Ora che arriva la stagione estiva, con la prima ondata di calore che già ha raggiunto l’Europa, il fatto che diversi rubinetti dell’area nord del cimitero comunale di via dei Campisanti siano senz’acqua rischia di diventare un problema non da poco. Per chi si reca a trovare i propri cari, lasciare dei fiori o prendersi cura delle tombe, infatti, annaffiare è un esercizio di non semplice esecuzione, dato che praticamente tutti i rubinetti della sezione a nord, attorno alla tomba di Silvano Fedi, sono completamente all’asciutto.
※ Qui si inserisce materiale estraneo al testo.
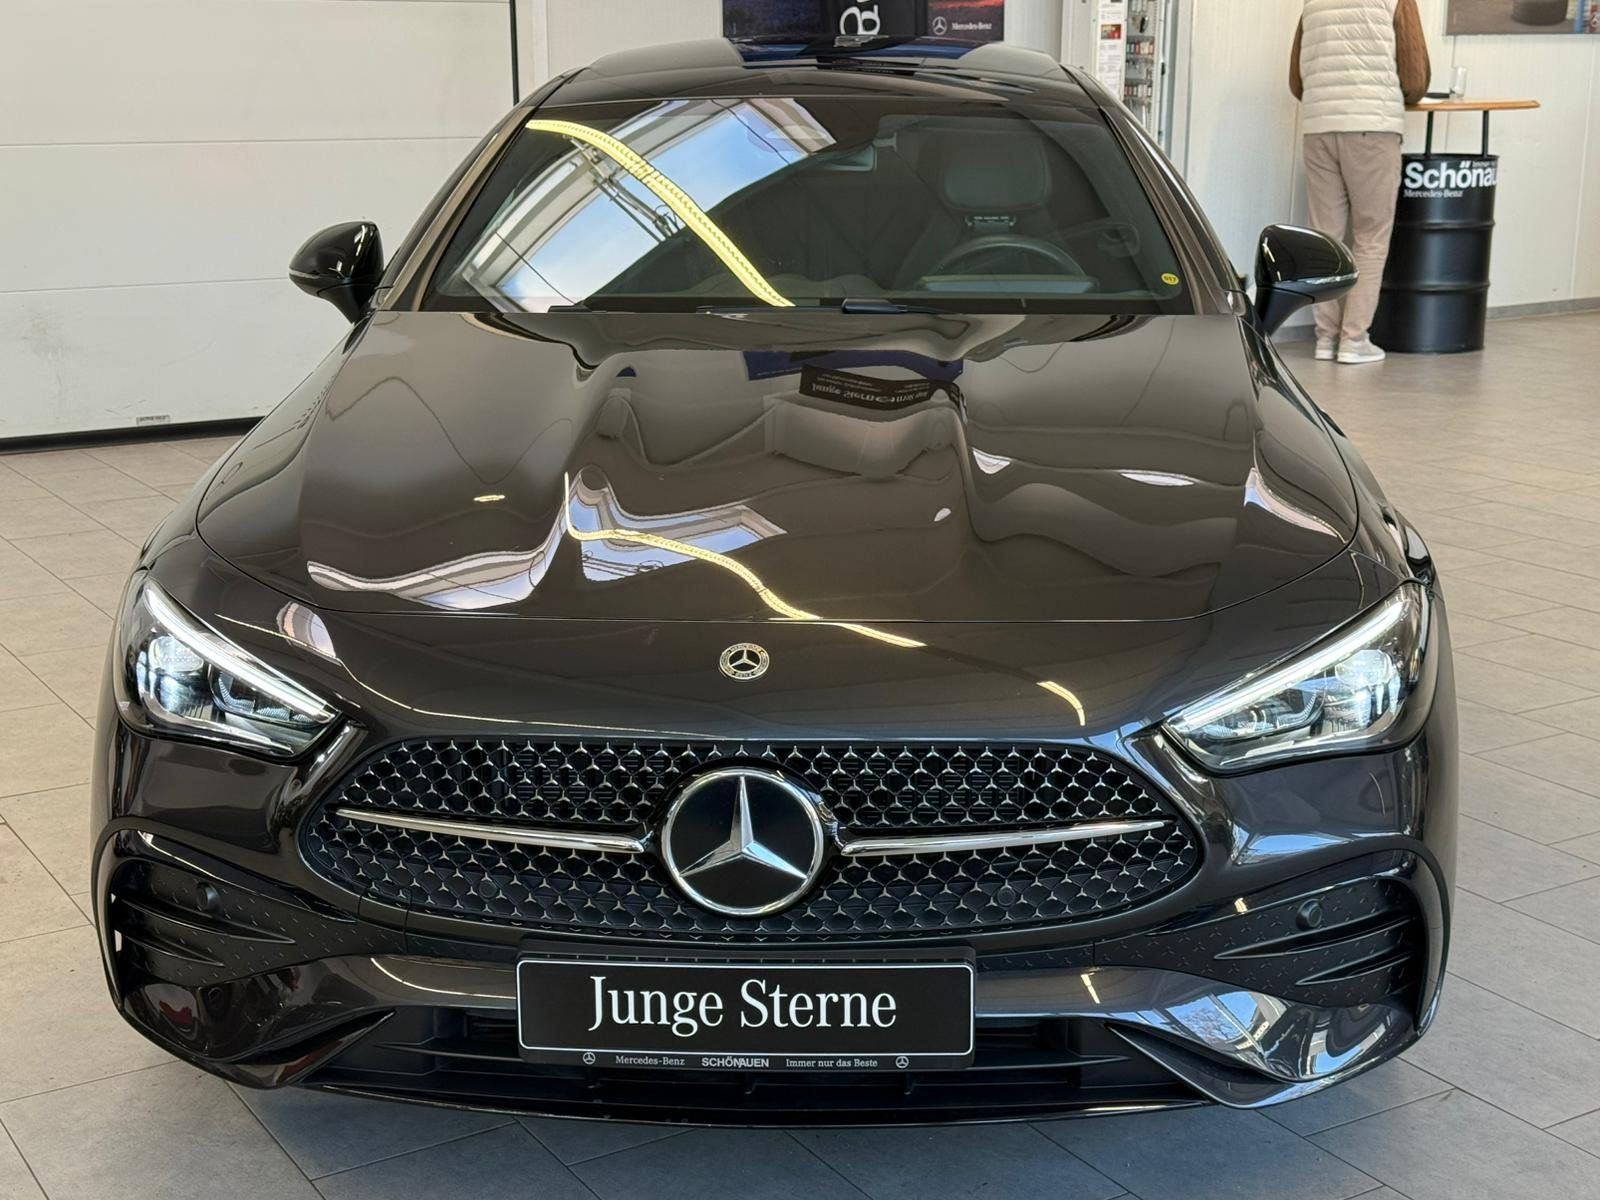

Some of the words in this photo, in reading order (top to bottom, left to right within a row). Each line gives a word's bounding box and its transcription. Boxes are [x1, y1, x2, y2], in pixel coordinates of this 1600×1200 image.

A segnalare la situazione di disagio è un cittadino, che al Comune chiede un intervento risolutivo. La mancanza di acqua, infatti, non incide solo sul mantenimento dei fiori e delle piante, ma potenzialmente rappresenta un rischio per la salute, specialmente per le persone più anziane: per poter cambiare l’acqua, o anche solo riempire l’annaffiatoio, i frequentatori e le frequentatrici del cimitero devono infatti cambiare sezione, in un momento dove il gran caldo arriva già in mattinata e il sole a picco rende particolarmente provante il passare da una zona all’altra del cimitero. Se si aggiunge che le zone d’ombra sono poche e il terreno ghiaioso, il doversi spostare anche per un centinaio di metri diventa una questione da non sottovalutare.